[Data supplied]
- - - - -

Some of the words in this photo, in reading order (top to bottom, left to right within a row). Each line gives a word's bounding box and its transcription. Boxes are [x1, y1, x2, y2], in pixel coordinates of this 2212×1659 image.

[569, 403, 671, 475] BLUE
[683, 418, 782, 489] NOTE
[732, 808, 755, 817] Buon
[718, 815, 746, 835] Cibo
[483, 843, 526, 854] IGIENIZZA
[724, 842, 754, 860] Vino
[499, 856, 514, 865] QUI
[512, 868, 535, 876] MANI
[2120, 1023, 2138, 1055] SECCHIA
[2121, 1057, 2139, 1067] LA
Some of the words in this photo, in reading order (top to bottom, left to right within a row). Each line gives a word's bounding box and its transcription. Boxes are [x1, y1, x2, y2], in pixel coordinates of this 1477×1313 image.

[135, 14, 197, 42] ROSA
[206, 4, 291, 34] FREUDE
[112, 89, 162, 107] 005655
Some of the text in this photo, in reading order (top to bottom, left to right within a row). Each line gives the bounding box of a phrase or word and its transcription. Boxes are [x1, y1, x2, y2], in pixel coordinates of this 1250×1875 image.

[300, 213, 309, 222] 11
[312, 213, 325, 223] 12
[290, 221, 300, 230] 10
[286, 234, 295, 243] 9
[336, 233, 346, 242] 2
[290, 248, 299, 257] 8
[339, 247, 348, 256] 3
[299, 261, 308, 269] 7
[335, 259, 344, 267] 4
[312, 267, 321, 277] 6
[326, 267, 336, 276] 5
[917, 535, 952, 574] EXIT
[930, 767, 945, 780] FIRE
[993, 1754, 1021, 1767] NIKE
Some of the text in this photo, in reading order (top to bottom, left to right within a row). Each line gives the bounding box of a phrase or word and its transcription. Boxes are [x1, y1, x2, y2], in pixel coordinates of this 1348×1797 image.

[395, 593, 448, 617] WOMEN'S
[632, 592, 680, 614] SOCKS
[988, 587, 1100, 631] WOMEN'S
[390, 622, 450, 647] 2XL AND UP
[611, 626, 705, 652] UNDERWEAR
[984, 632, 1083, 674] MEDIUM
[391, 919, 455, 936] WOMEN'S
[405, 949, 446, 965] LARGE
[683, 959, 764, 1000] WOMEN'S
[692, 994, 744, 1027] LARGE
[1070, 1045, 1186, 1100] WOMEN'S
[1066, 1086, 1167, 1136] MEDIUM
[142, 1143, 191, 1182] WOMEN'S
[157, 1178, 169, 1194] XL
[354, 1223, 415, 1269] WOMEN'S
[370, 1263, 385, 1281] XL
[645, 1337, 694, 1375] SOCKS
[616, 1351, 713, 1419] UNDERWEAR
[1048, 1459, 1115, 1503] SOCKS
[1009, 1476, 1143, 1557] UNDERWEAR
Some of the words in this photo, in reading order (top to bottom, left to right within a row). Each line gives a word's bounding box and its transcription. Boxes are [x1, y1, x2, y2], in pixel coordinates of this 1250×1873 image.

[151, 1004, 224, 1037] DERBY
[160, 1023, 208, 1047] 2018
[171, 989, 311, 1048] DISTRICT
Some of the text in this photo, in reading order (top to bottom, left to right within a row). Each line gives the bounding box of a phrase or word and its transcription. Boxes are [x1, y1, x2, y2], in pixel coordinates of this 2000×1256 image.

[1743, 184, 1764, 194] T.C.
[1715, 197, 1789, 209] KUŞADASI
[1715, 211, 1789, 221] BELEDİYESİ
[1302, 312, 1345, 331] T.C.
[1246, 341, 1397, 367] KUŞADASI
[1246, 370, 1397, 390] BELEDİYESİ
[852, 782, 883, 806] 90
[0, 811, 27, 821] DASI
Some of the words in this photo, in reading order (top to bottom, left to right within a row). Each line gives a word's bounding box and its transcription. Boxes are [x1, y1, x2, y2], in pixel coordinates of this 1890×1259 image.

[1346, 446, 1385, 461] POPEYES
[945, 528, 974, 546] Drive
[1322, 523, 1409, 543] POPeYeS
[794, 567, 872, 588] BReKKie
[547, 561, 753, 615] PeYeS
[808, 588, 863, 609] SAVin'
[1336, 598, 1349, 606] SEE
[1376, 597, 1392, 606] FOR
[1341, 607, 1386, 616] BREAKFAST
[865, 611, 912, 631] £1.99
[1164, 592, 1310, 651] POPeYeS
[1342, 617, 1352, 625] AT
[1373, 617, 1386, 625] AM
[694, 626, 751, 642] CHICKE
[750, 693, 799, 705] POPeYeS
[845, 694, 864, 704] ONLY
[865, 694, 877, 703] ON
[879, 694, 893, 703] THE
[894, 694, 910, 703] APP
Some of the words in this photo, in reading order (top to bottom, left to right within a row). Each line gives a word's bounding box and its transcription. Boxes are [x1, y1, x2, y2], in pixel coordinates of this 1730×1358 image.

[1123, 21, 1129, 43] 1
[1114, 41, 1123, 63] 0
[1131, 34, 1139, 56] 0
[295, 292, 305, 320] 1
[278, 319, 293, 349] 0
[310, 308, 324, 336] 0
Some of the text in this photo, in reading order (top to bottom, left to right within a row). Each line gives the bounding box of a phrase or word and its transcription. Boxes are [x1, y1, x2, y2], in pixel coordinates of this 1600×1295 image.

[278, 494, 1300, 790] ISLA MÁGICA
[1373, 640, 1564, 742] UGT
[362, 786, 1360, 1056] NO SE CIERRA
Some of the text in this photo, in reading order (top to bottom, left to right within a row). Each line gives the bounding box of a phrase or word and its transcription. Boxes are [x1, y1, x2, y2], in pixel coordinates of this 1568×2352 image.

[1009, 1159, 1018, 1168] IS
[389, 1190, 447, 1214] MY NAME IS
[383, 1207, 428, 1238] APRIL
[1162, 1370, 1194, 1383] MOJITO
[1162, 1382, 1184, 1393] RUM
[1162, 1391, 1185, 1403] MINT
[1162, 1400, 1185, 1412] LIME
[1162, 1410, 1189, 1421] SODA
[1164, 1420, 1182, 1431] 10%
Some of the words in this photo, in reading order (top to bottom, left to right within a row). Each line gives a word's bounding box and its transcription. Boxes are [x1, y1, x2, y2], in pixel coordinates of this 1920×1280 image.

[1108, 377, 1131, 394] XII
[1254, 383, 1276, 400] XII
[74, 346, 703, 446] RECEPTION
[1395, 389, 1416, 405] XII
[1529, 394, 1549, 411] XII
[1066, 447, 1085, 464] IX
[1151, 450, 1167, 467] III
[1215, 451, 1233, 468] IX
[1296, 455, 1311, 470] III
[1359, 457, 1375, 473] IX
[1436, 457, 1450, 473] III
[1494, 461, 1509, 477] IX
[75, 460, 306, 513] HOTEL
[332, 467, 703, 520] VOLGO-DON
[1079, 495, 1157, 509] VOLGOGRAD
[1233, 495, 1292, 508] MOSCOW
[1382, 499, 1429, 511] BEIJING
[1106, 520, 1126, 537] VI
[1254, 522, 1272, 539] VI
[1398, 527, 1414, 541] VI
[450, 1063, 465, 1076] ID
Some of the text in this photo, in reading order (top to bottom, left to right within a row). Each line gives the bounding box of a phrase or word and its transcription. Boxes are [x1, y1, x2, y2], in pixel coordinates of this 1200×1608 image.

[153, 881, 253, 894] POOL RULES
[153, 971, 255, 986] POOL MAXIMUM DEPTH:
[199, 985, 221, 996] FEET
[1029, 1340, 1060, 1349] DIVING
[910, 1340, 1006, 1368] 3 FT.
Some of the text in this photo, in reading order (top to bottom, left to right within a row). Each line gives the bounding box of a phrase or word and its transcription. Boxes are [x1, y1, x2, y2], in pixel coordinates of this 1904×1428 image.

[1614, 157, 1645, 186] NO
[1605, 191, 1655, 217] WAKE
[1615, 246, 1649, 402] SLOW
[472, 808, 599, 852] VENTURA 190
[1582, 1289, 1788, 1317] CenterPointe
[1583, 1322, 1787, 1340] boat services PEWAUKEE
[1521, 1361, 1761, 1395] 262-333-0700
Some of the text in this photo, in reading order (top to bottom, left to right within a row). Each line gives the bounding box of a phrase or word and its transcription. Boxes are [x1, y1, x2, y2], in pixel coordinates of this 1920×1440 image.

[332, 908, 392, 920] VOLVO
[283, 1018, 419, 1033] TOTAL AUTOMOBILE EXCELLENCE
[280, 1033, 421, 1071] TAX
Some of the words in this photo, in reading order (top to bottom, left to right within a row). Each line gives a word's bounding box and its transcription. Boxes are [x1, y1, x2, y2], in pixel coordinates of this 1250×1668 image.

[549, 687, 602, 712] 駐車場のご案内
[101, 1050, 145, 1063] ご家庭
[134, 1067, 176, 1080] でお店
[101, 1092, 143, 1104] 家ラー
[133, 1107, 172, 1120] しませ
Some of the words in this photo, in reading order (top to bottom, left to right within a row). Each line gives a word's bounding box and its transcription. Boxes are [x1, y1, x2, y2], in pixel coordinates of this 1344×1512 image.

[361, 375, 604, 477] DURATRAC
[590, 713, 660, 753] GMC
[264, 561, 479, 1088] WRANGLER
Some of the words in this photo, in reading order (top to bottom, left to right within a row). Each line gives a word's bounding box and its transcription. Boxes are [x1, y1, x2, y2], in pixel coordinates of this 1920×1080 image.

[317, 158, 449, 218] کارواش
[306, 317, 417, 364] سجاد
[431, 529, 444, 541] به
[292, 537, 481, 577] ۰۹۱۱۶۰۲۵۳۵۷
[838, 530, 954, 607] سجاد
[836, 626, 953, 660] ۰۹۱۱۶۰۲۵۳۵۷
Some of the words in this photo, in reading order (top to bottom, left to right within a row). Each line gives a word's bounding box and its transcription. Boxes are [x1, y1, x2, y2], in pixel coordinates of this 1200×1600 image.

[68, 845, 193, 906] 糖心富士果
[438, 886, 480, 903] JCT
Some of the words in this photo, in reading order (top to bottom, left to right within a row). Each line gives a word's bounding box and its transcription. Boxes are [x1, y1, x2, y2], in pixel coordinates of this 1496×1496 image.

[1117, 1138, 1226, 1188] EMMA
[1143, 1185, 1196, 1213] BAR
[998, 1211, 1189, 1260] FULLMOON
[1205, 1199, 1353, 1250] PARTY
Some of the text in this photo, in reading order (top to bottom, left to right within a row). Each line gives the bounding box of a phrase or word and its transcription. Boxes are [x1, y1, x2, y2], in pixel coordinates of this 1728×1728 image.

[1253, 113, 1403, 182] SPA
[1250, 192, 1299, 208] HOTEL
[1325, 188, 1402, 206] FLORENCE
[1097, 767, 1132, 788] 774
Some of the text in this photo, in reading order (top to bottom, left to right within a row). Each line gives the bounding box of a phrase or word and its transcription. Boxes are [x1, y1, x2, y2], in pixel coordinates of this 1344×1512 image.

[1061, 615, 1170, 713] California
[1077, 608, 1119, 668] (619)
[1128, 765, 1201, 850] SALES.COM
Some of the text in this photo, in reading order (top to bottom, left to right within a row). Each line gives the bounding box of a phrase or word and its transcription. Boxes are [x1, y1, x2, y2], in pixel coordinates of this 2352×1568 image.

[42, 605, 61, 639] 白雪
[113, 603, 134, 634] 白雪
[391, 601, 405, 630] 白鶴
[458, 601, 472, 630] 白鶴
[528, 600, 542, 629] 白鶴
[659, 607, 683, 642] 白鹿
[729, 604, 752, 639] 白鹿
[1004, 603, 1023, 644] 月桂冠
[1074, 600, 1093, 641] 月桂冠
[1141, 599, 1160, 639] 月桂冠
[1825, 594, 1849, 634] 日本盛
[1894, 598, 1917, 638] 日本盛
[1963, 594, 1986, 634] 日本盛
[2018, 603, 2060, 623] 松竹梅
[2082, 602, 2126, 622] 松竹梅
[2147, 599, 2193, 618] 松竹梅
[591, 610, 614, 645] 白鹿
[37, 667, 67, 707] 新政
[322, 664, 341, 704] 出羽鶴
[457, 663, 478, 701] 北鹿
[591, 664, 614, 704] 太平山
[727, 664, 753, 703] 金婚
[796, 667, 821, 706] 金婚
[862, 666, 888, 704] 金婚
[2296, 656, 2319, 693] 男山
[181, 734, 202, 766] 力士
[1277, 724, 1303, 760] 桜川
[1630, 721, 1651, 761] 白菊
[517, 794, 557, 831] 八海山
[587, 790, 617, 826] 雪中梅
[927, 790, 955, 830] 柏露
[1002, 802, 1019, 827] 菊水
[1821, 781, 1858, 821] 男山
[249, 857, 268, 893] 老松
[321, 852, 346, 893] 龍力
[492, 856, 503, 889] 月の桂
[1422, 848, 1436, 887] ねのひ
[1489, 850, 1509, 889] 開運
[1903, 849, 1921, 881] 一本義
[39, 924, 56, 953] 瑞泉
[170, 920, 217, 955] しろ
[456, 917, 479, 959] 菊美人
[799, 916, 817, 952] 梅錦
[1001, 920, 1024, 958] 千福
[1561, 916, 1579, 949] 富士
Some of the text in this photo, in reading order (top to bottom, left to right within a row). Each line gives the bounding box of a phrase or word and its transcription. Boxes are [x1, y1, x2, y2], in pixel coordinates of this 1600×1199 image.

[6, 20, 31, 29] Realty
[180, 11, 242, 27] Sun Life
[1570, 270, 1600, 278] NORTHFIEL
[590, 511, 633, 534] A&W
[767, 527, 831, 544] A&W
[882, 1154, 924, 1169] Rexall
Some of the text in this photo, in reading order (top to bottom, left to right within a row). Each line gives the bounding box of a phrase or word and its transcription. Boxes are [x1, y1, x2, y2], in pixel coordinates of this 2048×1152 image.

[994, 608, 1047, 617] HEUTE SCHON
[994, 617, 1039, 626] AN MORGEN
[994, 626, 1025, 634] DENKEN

- - - - -

[Exercise instructions] Print from the line containing "this 2048×1152 image." to the last line above, exactly as written.

[Answer box]
Some of the text in this photo, in reading order (top to bottom, left to right within a row). Each line gives the bounding box of a phrase or word and its transcription. Boxes are [x1, y1, x2, y2], in pixel coordinates of this 2048×1152 image.

[994, 608, 1047, 617] HEUTE SCHON
[994, 617, 1039, 626] AN MORGEN
[994, 626, 1025, 634] DENKEN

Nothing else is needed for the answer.